____ Provided records

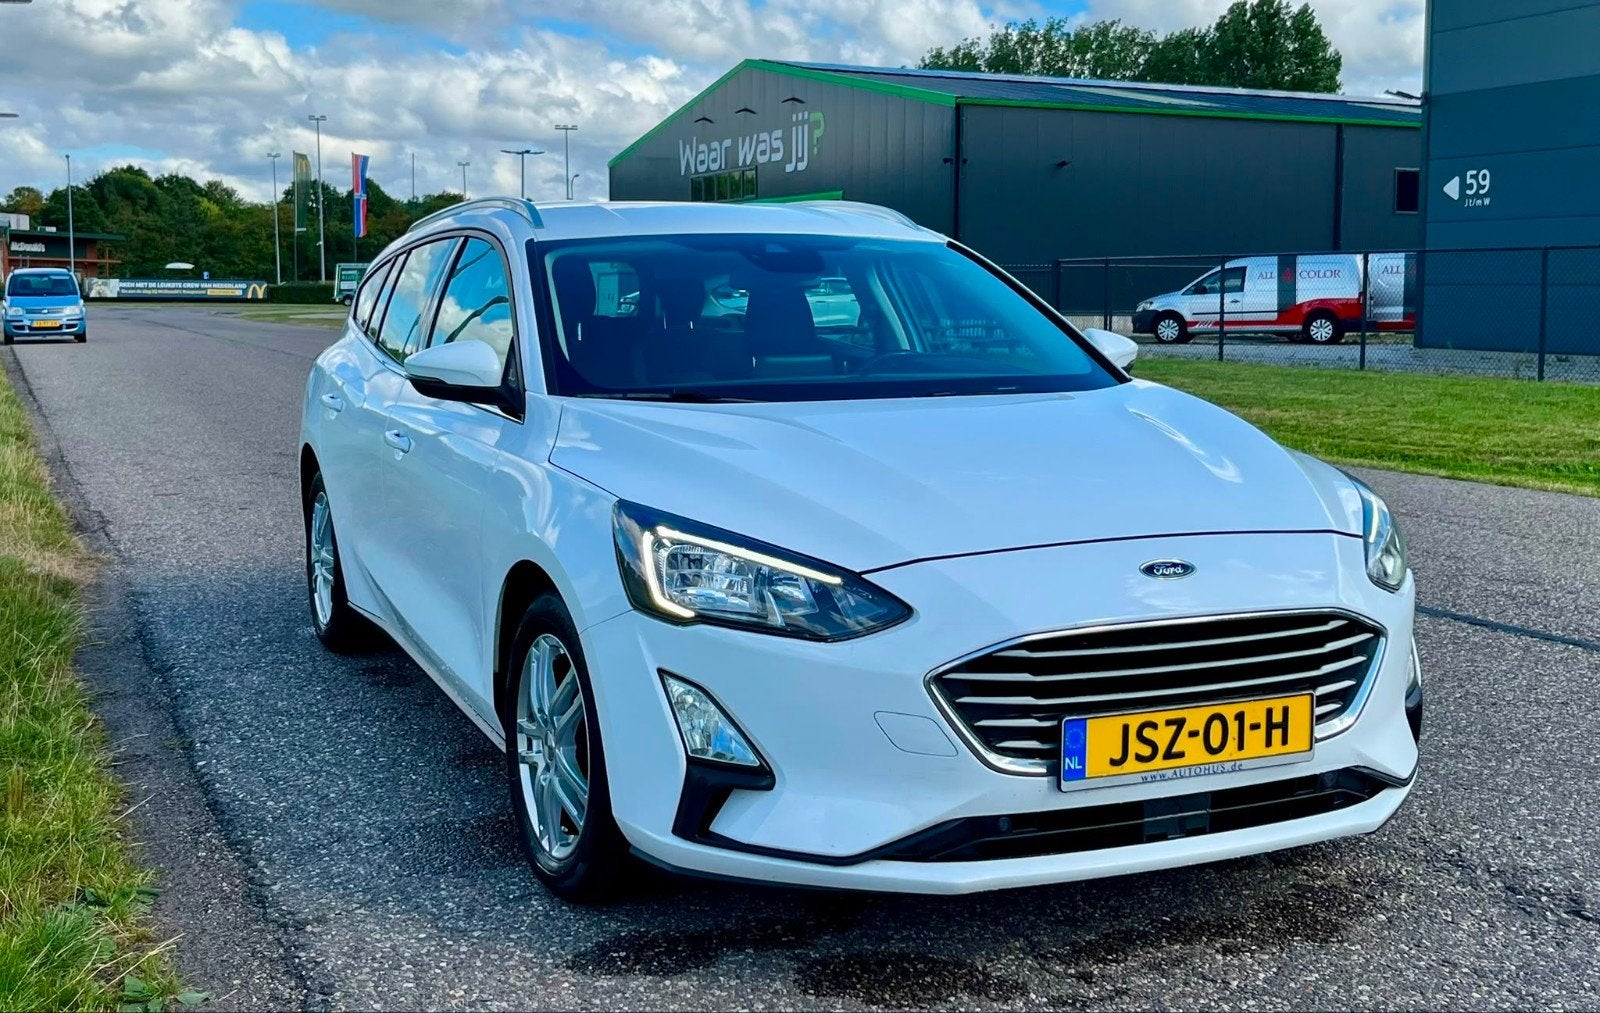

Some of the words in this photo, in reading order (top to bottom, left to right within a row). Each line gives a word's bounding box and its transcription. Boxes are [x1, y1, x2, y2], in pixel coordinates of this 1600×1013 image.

[679, 136, 732, 176] Waar
[737, 128, 784, 167] was
[785, 111, 826, 173] jij?
[1465, 169, 1490, 195] 59
[1257, 271, 1276, 280] ALL
[1299, 269, 1341, 279] COLOR
[1381, 265, 1403, 275] ALL
[1153, 562, 1184, 575] Ford
[1109, 705, 1290, 767] JSZ-01-H
[1065, 756, 1083, 771] NL
[1140, 761, 1243, 783] www.AUTOHUS.de

________

Aim of the task — Transcribe every entry exactly, omitting pictures.

Exercise result —
Some of the words in this photo, in reading order (top to bottom, left to right within a row). Each line gives a word's bounding box and its transcription. Boxes are [x1, y1, x2, y2], in pixel coordinates of this 1600×1013 image.

[679, 136, 732, 176] Waar
[737, 128, 784, 167] was
[785, 111, 826, 173] jij?
[1465, 169, 1490, 195] 59
[1257, 271, 1276, 280] ALL
[1299, 269, 1341, 279] COLOR
[1381, 265, 1403, 275] ALL
[1153, 562, 1184, 575] Ford
[1109, 705, 1290, 767] JSZ-01-H
[1065, 756, 1083, 771] NL
[1140, 761, 1243, 783] www.AUTOHUS.de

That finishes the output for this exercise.